(Dataset entries)
-=-=-=-=-

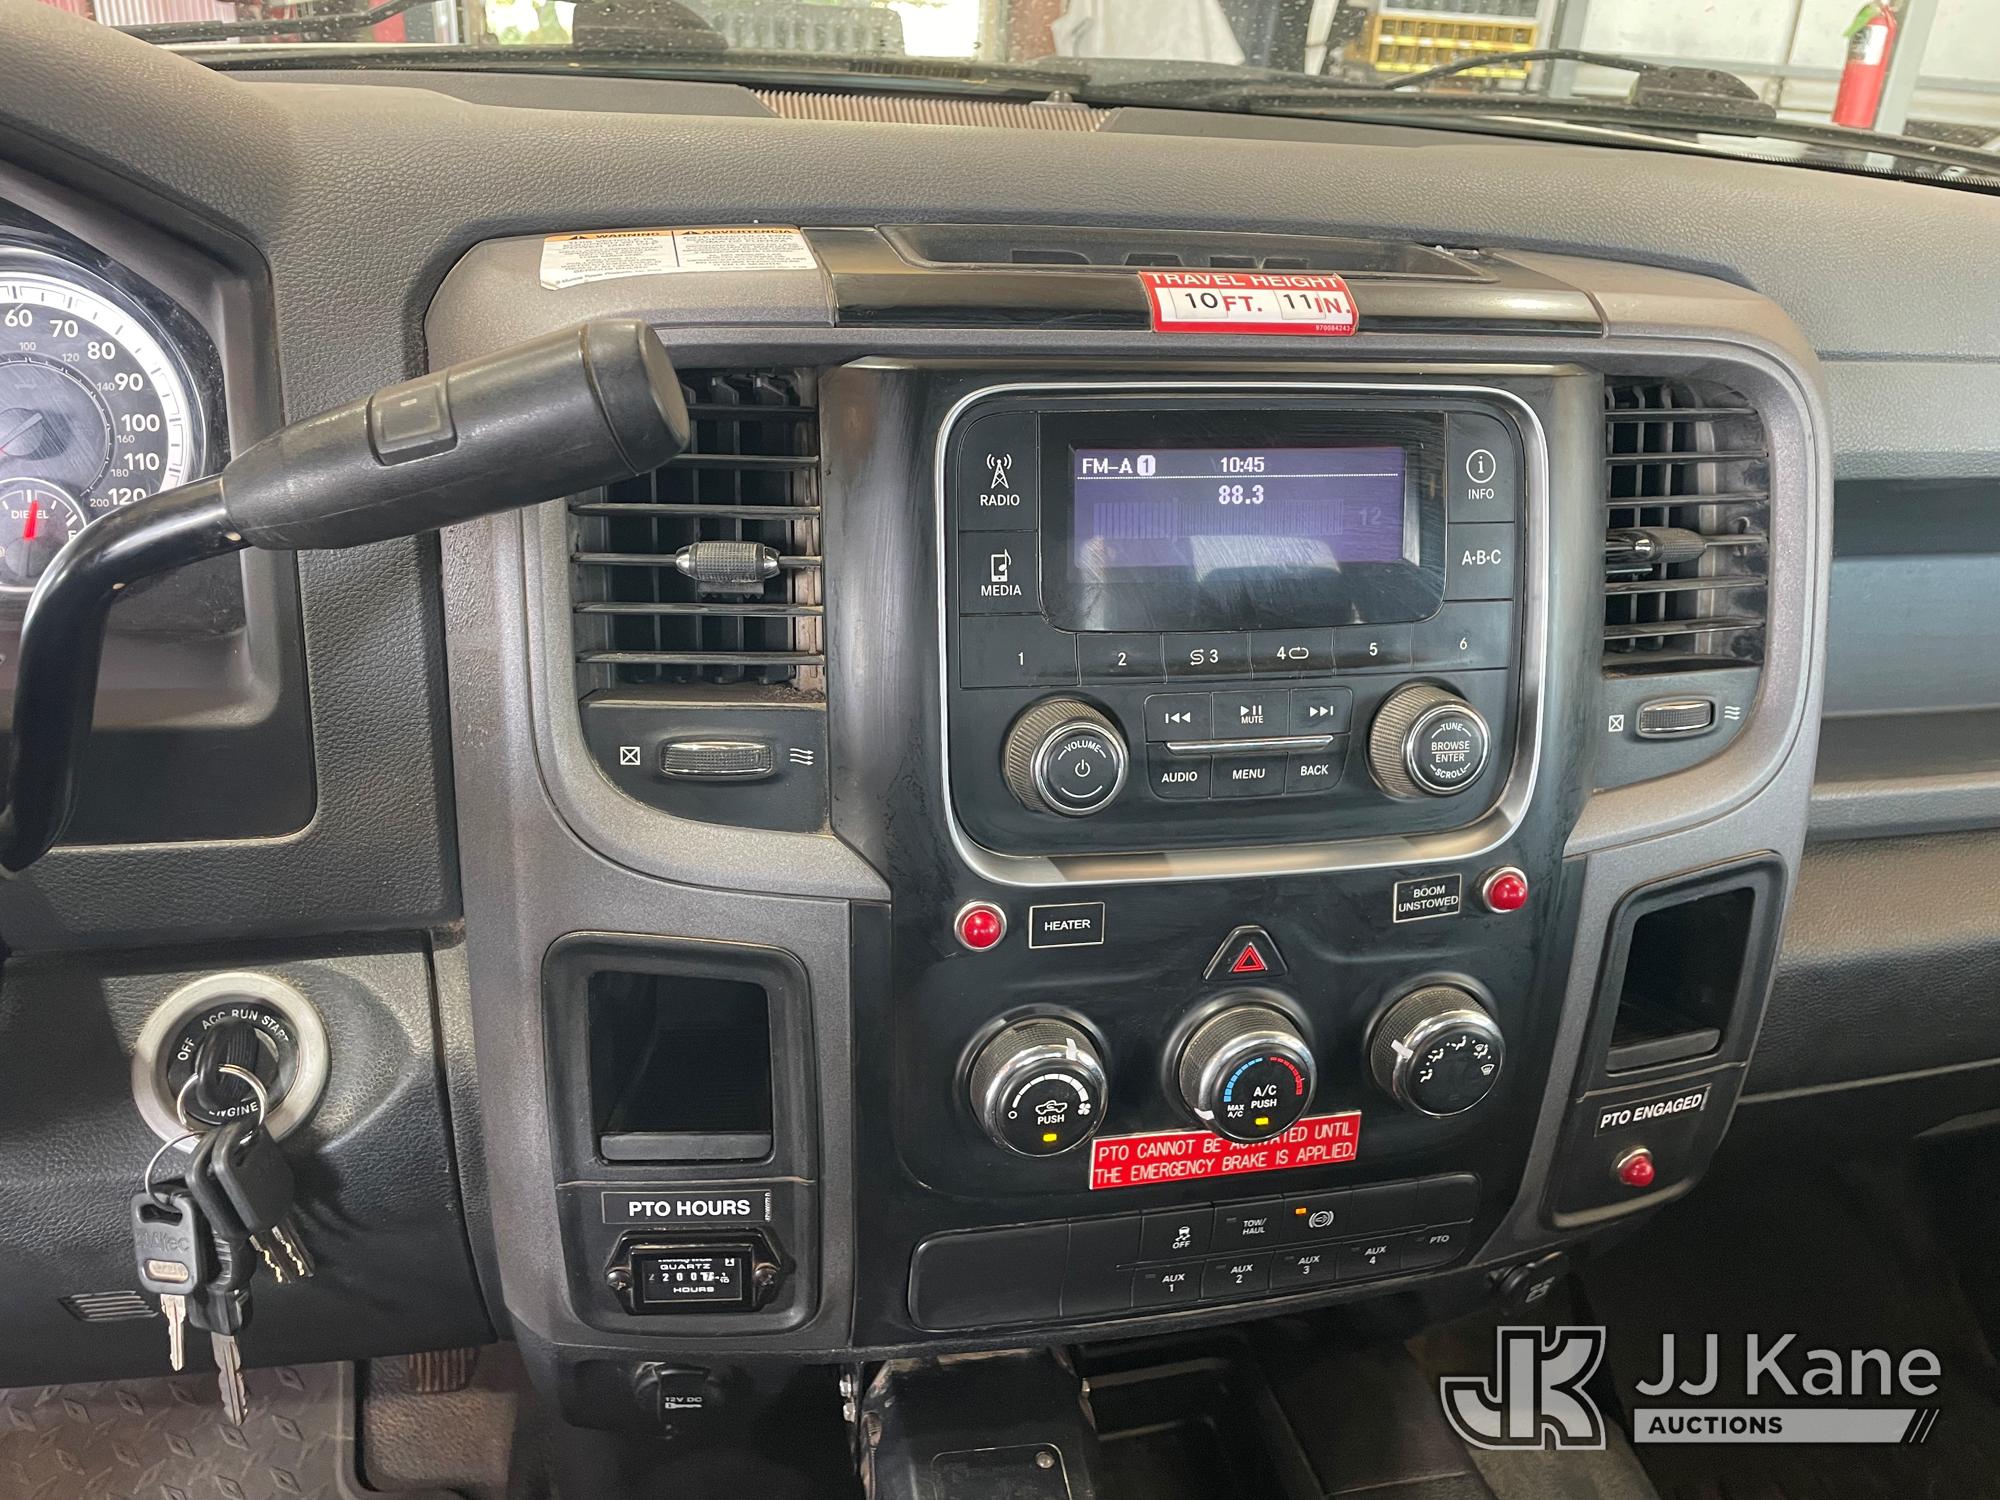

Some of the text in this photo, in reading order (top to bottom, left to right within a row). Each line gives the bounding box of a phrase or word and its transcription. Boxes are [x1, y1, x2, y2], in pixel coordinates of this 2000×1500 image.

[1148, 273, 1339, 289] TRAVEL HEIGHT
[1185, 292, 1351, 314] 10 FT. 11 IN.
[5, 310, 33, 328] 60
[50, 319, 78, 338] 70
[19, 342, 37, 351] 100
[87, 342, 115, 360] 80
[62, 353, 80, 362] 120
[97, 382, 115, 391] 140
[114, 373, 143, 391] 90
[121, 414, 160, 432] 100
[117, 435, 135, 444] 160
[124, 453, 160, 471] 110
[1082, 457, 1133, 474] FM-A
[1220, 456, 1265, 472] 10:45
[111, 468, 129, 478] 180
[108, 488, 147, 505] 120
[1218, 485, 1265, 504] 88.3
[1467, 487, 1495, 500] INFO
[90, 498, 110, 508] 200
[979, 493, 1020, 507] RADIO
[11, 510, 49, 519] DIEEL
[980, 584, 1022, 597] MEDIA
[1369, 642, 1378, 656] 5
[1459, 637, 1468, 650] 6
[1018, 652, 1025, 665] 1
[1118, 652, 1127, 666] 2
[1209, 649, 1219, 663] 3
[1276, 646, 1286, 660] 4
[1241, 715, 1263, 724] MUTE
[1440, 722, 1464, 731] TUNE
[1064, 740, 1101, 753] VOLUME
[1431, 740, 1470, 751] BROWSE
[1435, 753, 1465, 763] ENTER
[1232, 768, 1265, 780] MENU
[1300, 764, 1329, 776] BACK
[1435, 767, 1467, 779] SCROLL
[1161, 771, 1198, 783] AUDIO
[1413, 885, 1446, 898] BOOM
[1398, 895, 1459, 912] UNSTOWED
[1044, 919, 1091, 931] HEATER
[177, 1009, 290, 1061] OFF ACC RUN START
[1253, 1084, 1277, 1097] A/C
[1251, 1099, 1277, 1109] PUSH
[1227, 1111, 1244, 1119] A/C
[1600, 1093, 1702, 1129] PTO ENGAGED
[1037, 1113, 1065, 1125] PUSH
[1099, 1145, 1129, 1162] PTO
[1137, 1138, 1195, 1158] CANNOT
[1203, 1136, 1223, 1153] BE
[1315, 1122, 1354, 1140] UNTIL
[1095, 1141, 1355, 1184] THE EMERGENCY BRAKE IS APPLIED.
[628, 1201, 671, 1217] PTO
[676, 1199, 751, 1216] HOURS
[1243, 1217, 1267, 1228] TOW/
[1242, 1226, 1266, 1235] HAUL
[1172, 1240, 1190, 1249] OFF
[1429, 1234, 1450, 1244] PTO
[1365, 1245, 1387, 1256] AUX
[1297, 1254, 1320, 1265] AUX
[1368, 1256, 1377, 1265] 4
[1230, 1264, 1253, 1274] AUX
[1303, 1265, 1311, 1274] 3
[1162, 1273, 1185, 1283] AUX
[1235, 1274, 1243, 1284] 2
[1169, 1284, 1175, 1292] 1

-=-=-=-=-

_HOW TO COMPLETE THIS TASK_. Leaving out any images, restate every record word for word.

_OUTPUT OF THE EXERCISE_.
Some of the text in this photo, in reading order (top to bottom, left to right within a row). Each line gives the bounding box of a phrase or word and its transcription. Boxes are [x1, y1, x2, y2], in pixel coordinates of this 2000×1500 image.

[1148, 273, 1339, 289] TRAVEL HEIGHT
[1185, 292, 1351, 314] 10 FT. 11 IN.
[5, 310, 33, 328] 60
[50, 319, 78, 338] 70
[19, 342, 37, 351] 100
[87, 342, 115, 360] 80
[62, 353, 80, 362] 120
[97, 382, 115, 391] 140
[114, 373, 143, 391] 90
[121, 414, 160, 432] 100
[117, 435, 135, 444] 160
[124, 453, 160, 471] 110
[1082, 457, 1133, 474] FM-A
[1220, 456, 1265, 472] 10:45
[111, 468, 129, 478] 180
[108, 488, 147, 505] 120
[1218, 485, 1265, 504] 88.3
[1467, 487, 1495, 500] INFO
[90, 498, 110, 508] 200
[979, 493, 1020, 507] RADIO
[11, 510, 49, 519] DIEEL
[980, 584, 1022, 597] MEDIA
[1369, 642, 1378, 656] 5
[1459, 637, 1468, 650] 6
[1018, 652, 1025, 665] 1
[1118, 652, 1127, 666] 2
[1209, 649, 1219, 663] 3
[1276, 646, 1286, 660] 4
[1241, 715, 1263, 724] MUTE
[1440, 722, 1464, 731] TUNE
[1064, 740, 1101, 753] VOLUME
[1431, 740, 1470, 751] BROWSE
[1435, 753, 1465, 763] ENTER
[1232, 768, 1265, 780] MENU
[1300, 764, 1329, 776] BACK
[1435, 767, 1467, 779] SCROLL
[1161, 771, 1198, 783] AUDIO
[1413, 885, 1446, 898] BOOM
[1398, 895, 1459, 912] UNSTOWED
[1044, 919, 1091, 931] HEATER
[177, 1009, 290, 1061] OFF ACC RUN START
[1253, 1084, 1277, 1097] A/C
[1251, 1099, 1277, 1109] PUSH
[1227, 1111, 1244, 1119] A/C
[1600, 1093, 1702, 1129] PTO ENGAGED
[1037, 1113, 1065, 1125] PUSH
[1099, 1145, 1129, 1162] PTO
[1137, 1138, 1195, 1158] CANNOT
[1203, 1136, 1223, 1153] BE
[1315, 1122, 1354, 1140] UNTIL
[1095, 1141, 1355, 1184] THE EMERGENCY BRAKE IS APPLIED.
[628, 1201, 671, 1217] PTO
[676, 1199, 751, 1216] HOURS
[1243, 1217, 1267, 1228] TOW/
[1242, 1226, 1266, 1235] HAUL
[1172, 1240, 1190, 1249] OFF
[1429, 1234, 1450, 1244] PTO
[1365, 1245, 1387, 1256] AUX
[1297, 1254, 1320, 1265] AUX
[1368, 1256, 1377, 1265] 4
[1230, 1264, 1253, 1274] AUX
[1303, 1265, 1311, 1274] 3
[1162, 1273, 1185, 1283] AUX
[1235, 1274, 1243, 1284] 2
[1169, 1284, 1175, 1292] 1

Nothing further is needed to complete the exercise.